Exercise prompt:
Images don't belong in the copy. Output the rest of the data exactly.

[Exercise material Boundary: Start]

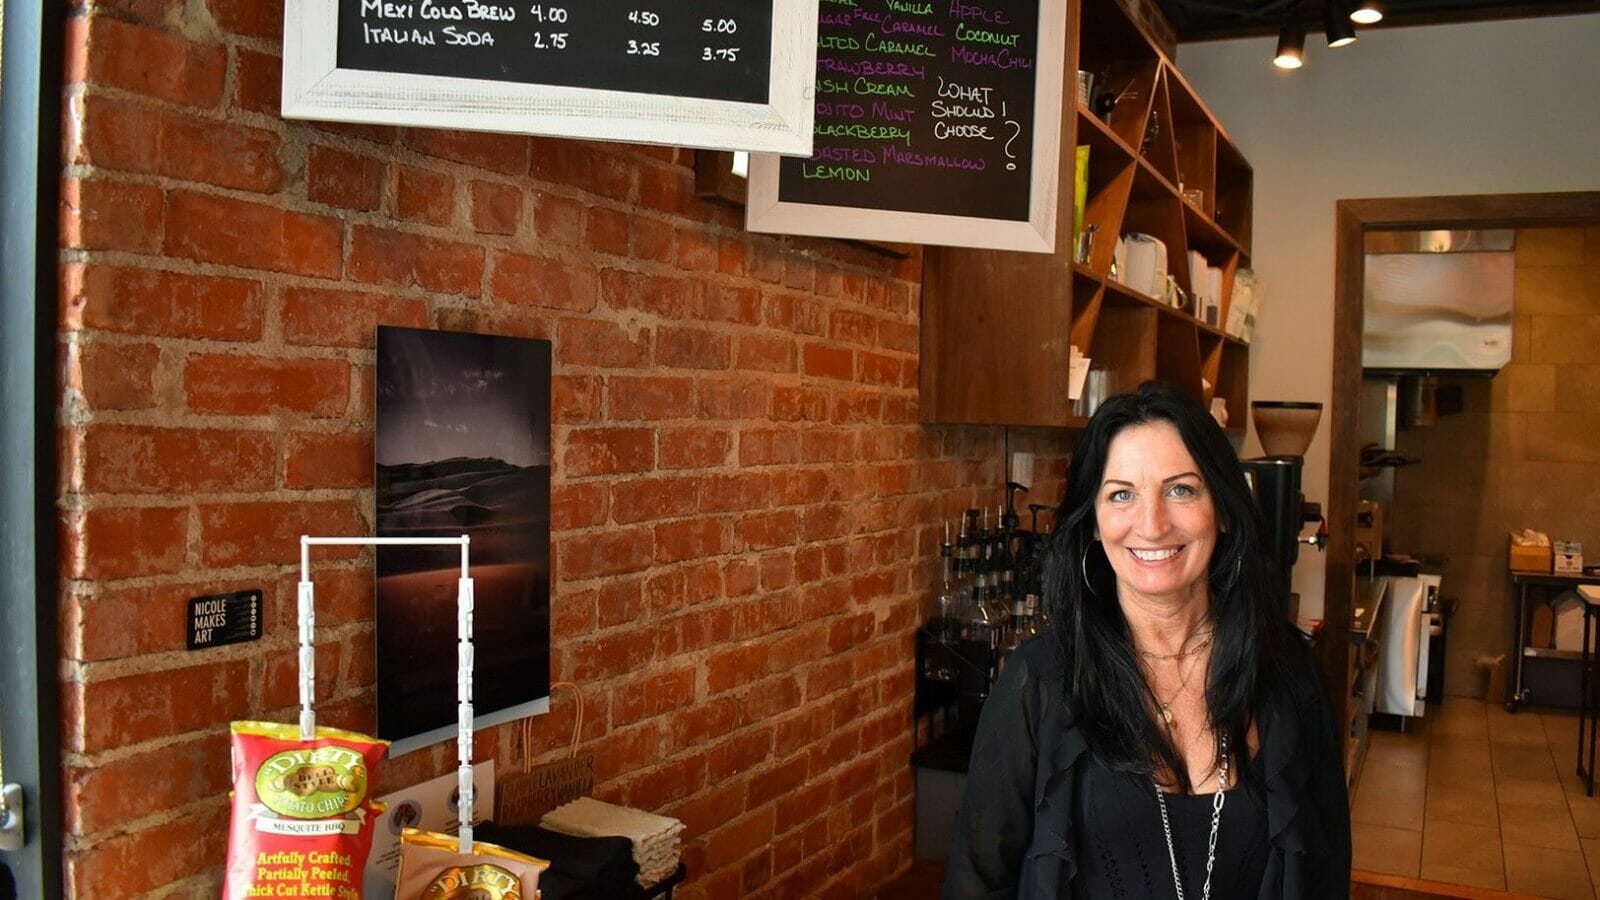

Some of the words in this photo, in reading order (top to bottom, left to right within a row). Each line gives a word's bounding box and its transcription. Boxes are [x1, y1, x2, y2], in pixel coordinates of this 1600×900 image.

[420, 0, 462, 21] COLD
[467, 0, 516, 22] BREW
[530, 4, 568, 24] 4.00
[627, 11, 660, 27] 4.50
[701, 18, 738, 35] 5.00
[885, 0, 934, 15] VANILLA
[949, 0, 1010, 24] APPLE
[363, 22, 436, 46] ITALIAN
[442, 26, 496, 47] SODA
[533, 33, 570, 50] 2.75
[627, 40, 661, 57] 3.25
[701, 45, 740, 63] 3.75
[818, 34, 861, 51] LTED
[864, 32, 936, 57] CARAMEL
[954, 22, 1020, 48] COCONUT
[817, 57, 926, 80] TRAWBERRY
[853, 76, 915, 98] CREAM
[936, 75, 994, 103] WHAT
[816, 102, 865, 121] OJITO
[871, 103, 916, 123] MINT
[931, 100, 995, 119] SHOULD
[934, 121, 995, 140] CHOOSE
[802, 162, 871, 182] LEMON
[194, 598, 227, 617] NICOLE
[194, 612, 227, 631] MAKES
[193, 628, 214, 645] ART
[316, 790, 349, 813] CHIPS
[273, 822, 322, 832] MESQUITE
[324, 822, 346, 833] BBQ
[256, 851, 306, 868] Artfully
[257, 866, 310, 883] Partially
[246, 883, 274, 898] hick
[275, 883, 299, 898] Cut
[300, 882, 335, 898] Kettle

[Exercise material Boundary: End]

Completed task:
Some of the words in this photo, in reading order (top to bottom, left to right within a row). Each line gives a word's bounding box and its transcription. Boxes are [x1, y1, x2, y2], in pixel coordinates of this 1600×900 image.

[420, 0, 462, 21] COLD
[467, 0, 516, 22] BREW
[530, 4, 568, 24] 4.00
[627, 11, 660, 27] 4.50
[701, 18, 738, 35] 5.00
[885, 0, 934, 15] VANILLA
[949, 0, 1010, 24] APPLE
[363, 22, 436, 46] ITALIAN
[442, 26, 496, 47] SODA
[533, 33, 570, 50] 2.75
[627, 40, 661, 57] 3.25
[701, 45, 740, 63] 3.75
[818, 34, 861, 51] LTED
[864, 32, 936, 57] CARAMEL
[954, 22, 1020, 48] COCONUT
[817, 57, 926, 80] TRAWBERRY
[853, 76, 915, 98] CREAM
[936, 75, 994, 103] WHAT
[816, 102, 865, 121] OJITO
[871, 103, 916, 123] MINT
[931, 100, 995, 119] SHOULD
[934, 121, 995, 140] CHOOSE
[802, 162, 871, 182] LEMON
[194, 598, 227, 617] NICOLE
[194, 612, 227, 631] MAKES
[193, 628, 214, 645] ART
[316, 790, 349, 813] CHIPS
[273, 822, 322, 832] MESQUITE
[324, 822, 346, 833] BBQ
[256, 851, 306, 868] Artfully
[257, 866, 310, 883] Partially
[246, 883, 274, 898] hick
[275, 883, 299, 898] Cut
[300, 882, 335, 898] Kettle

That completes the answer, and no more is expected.